草木染めの素材の中には、草木ではないものもあります。。。
それは、私がまだ糸紡ぎや染めを習っていた時のことです。
お教室の日に、先生の工房に行ったとき、ちょうど染めている途中の鍋がありました。
先生が、「これはとてもきれいで鮮やかな赤い色が染まるのよ」と言って見せてくれたその鍋の中は、赤い色になった液が入っていて、なにかつぶつぶしたものが浮かんでいました。
そして。。。そのつぶつぶには、手足が。。。!!きゃぁ~~。

「コチニール」というその素材は、カイガラムシという虫の1種で、ペルーや、メキシコなどが原産なのだそうです。
世界中で、自然素材の染料として使われ、草木染め(?)の材料としては、非常に少量で鮮やかな色が染まるため、とても重宝されている、高価な染めの材料です。

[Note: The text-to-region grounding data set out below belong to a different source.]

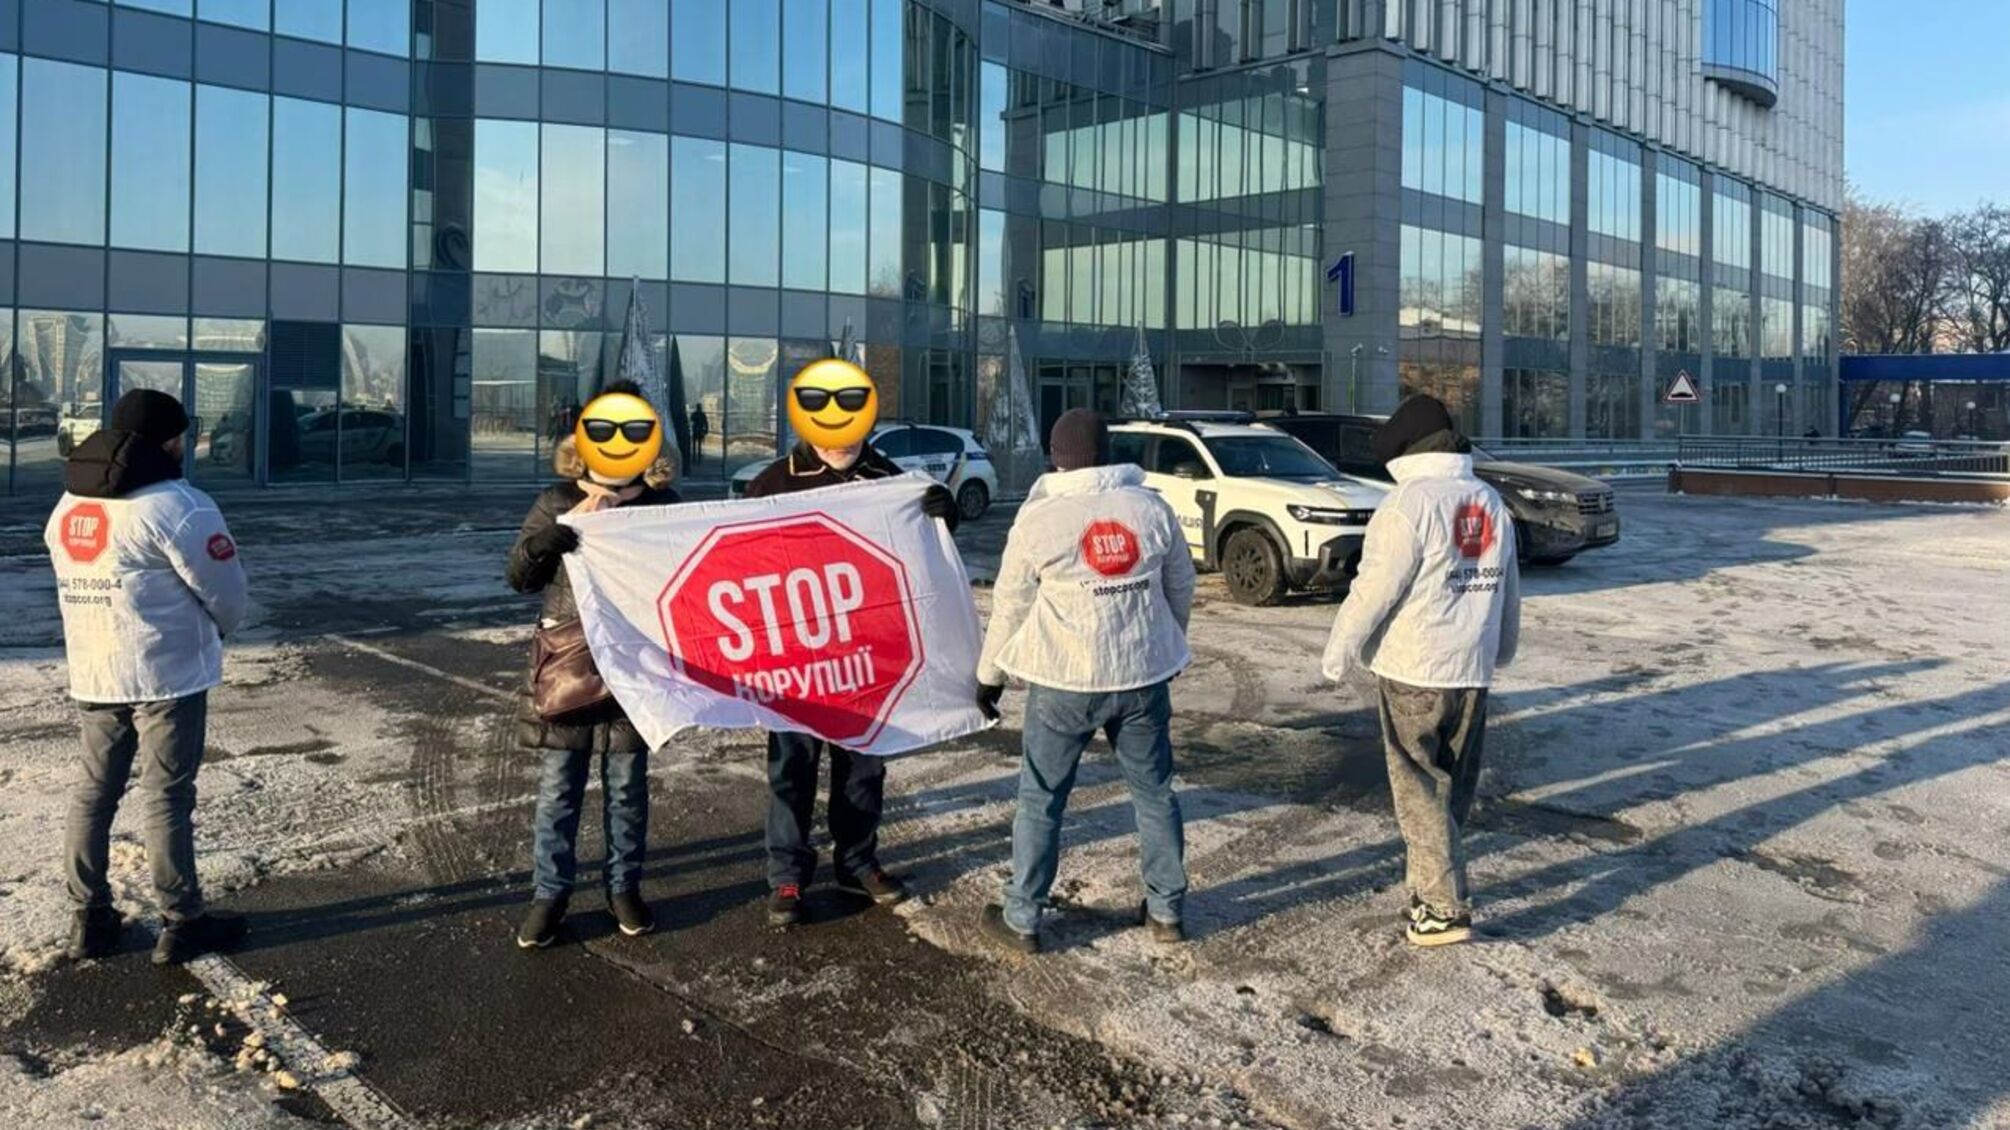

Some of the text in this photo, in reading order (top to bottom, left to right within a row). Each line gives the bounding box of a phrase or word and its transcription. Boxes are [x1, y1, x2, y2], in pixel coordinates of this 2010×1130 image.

[1326, 251, 1355, 317] 1
[69, 515, 100, 538] STOP
[1093, 534, 1126, 554] STOP
[707, 561, 864, 663] STOP
[731, 645, 877, 704] КОРУПЦІЇ
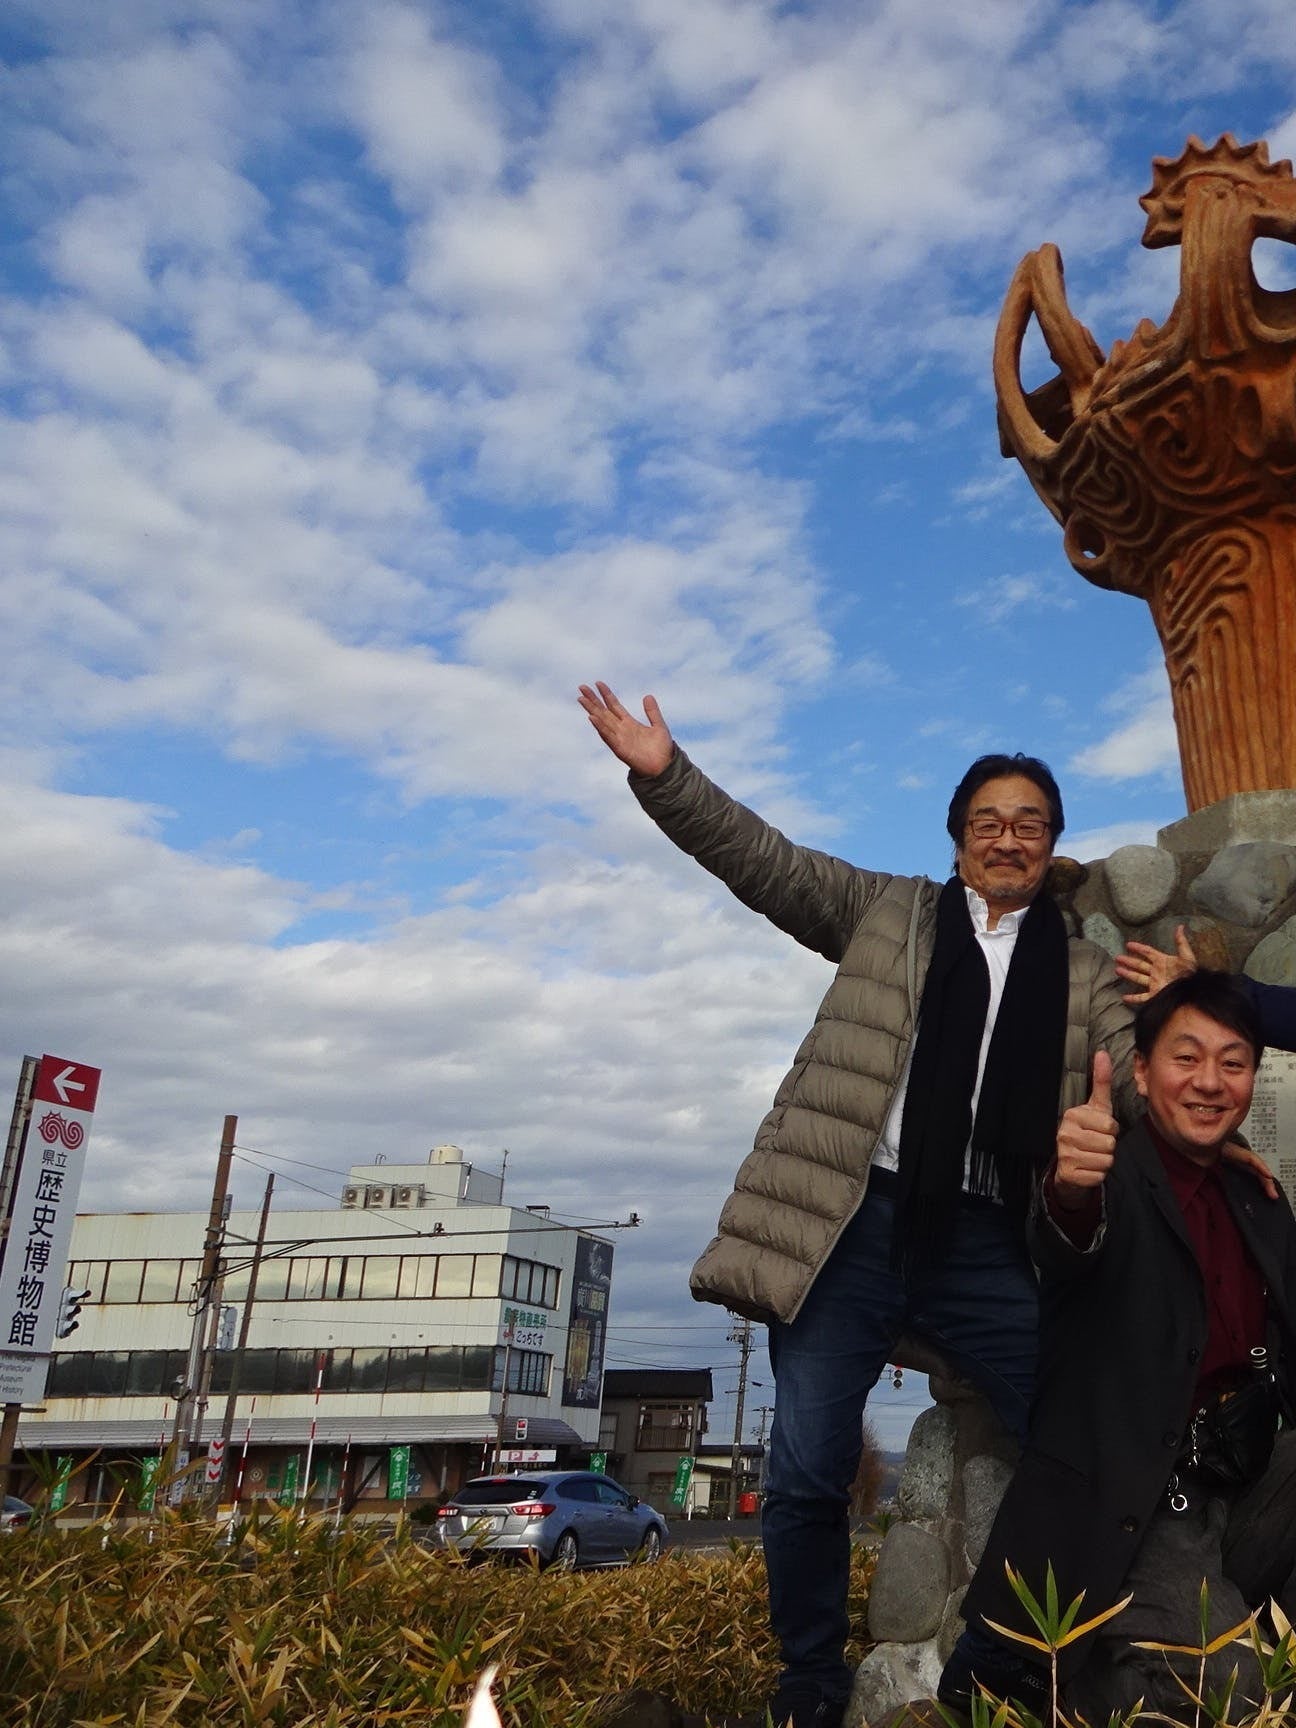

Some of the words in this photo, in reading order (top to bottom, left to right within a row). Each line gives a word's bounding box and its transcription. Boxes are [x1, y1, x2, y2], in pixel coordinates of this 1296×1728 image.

[41, 1149, 69, 1168] 県立
[8, 1168, 65, 1347] 歴史博物館
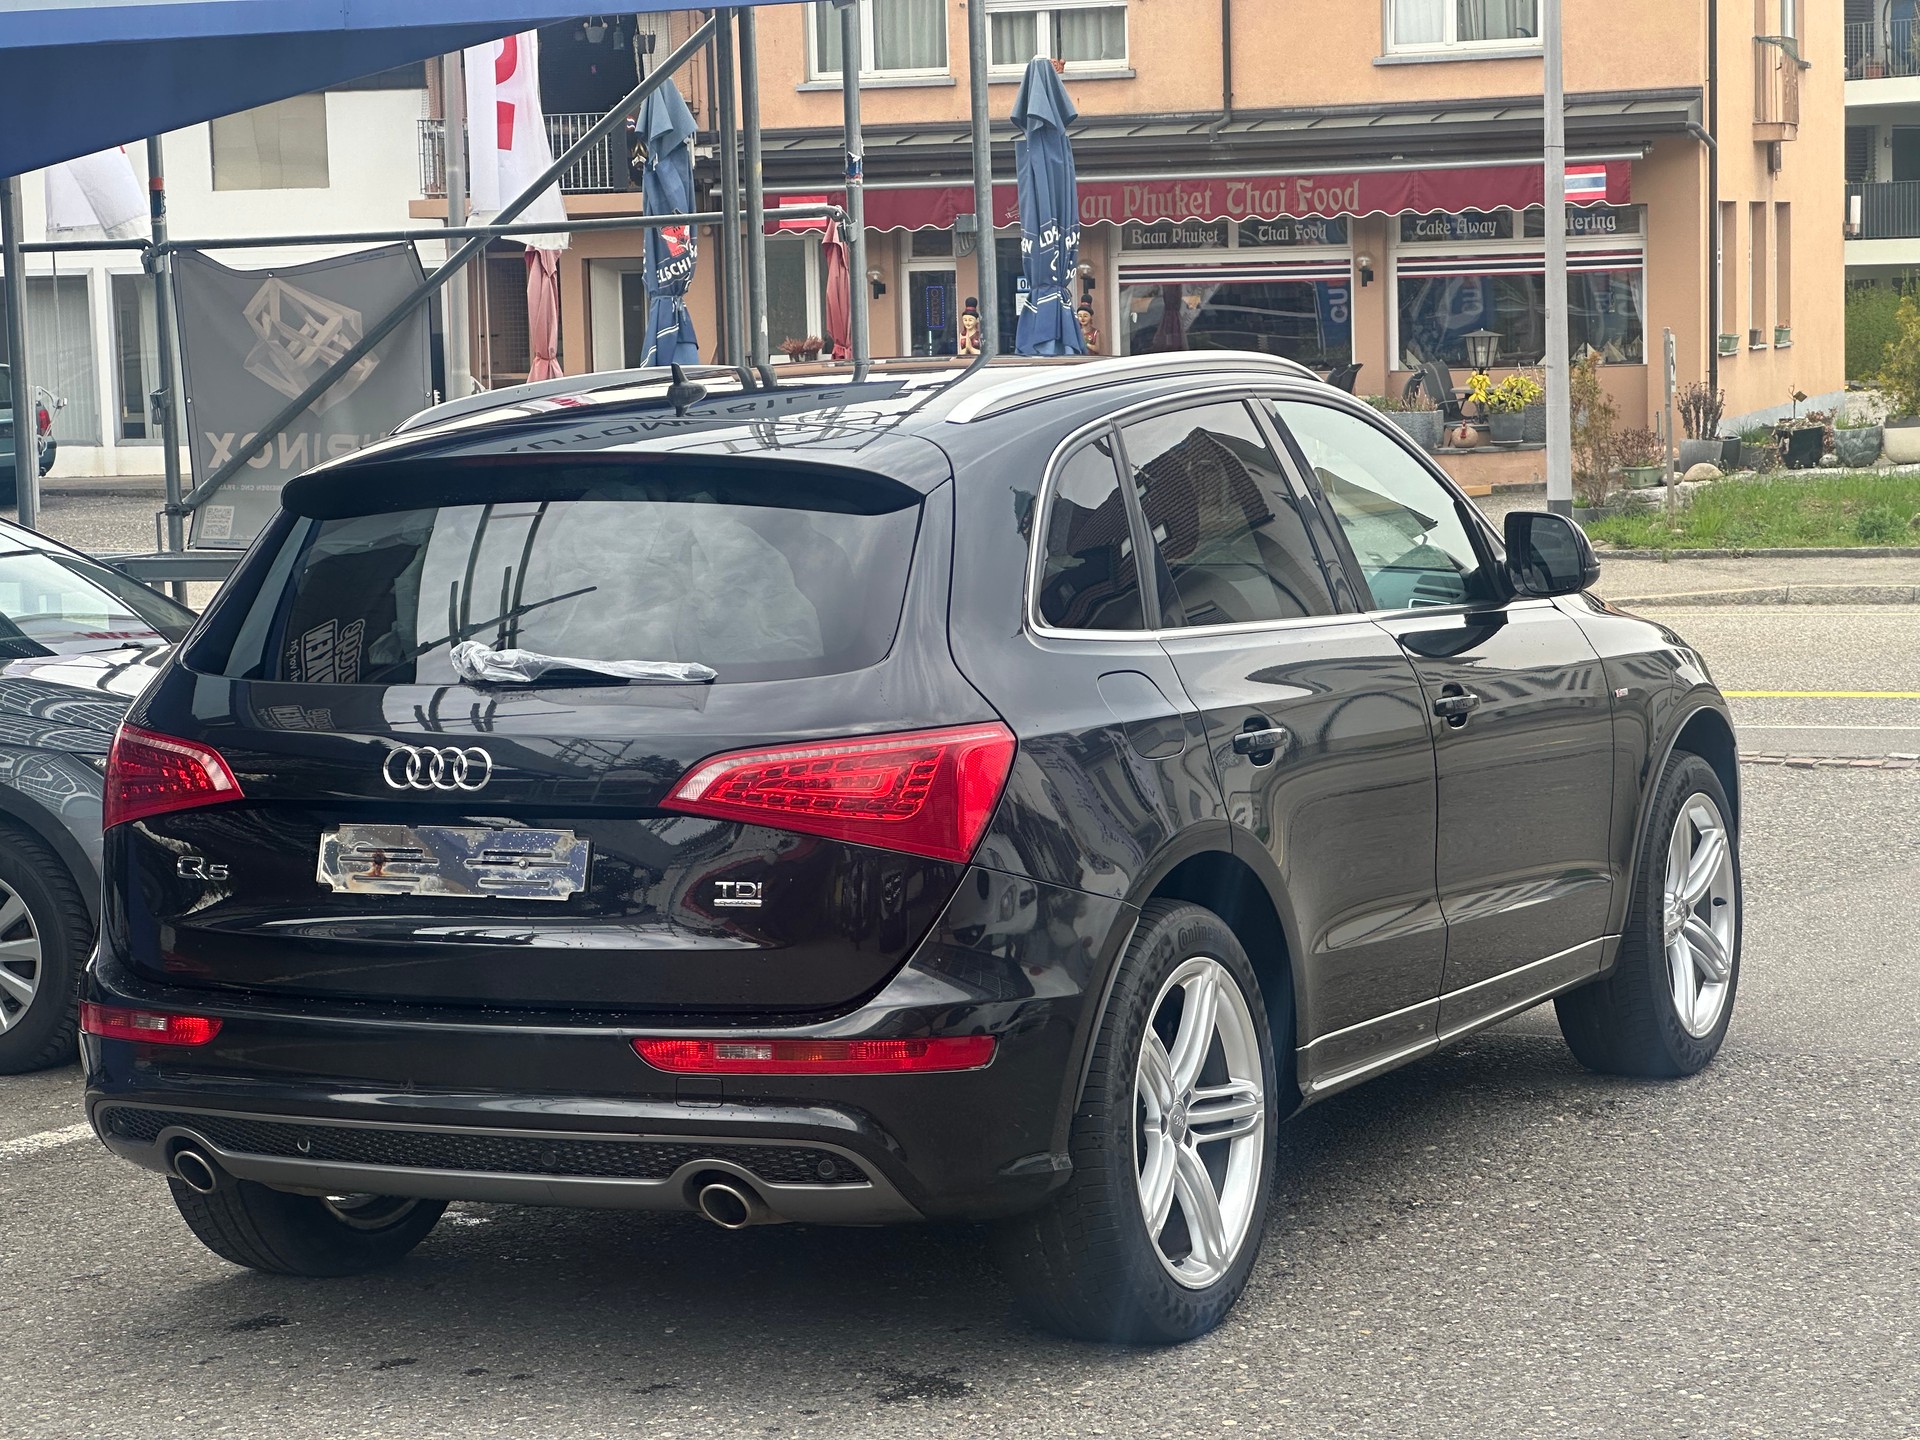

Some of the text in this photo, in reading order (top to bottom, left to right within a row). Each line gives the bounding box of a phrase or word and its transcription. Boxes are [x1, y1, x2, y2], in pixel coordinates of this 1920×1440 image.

[1123, 183, 1212, 218] Phuket
[1226, 182, 1286, 214] Thai
[1295, 178, 1360, 212] Food
[1132, 223, 1327, 245] Baan Phuket Thai Food
[1416, 213, 1617, 236] Take Away tering
[177, 855, 229, 880] Q5
[714, 881, 762, 898] TDI

原産地では、コチニールを飼っている農家の方が結構いるそうで(日本で言う”お蚕様”みたいなものでしょう)、コチニールは高級品で値段が高いため、自分達の服を染めるのには使えなくて、ほとんどが先進国(特に日本)に輸出されていることを考えると、なんだか割り切れない気持ちになります。
さらに、コチニールは、羊毛や繊維を染めるほかに、自然な材料を使った染料として、食品(お菓子やジュース、ねり物など)の色づけにも使われているそうです。
これは、確かに自然素材ですが、コチニールの見た目からすると、気持ち悪いと思う方もいるかもしれませんね。
(ここには写真を載せませんが、ネットで「コチニール 画像」と検索すると、なかなかすごいものが見られますよ。。。寝られなくなるかも)
化学薬品(合成着色料)を使って色をつけることを考えれば、ずっと安全なんでしょうけど。。。ね。
日本人はイナゴやハチの子も食べますし、はちみつなども、ハチが集めた花の蜜とハチの唾液が混じったものですし、高級食材のツバメの巣だって、あれはツバメの唾液ですし。
私は虫自体はちょっと苦手なんですけど、虫の姿そのままでなければ、そういうの割と平気です。
カニやエビだって、よく考えれば、結構気持ち悪い形ですしね。
最初に食べた人、すごいなと思います。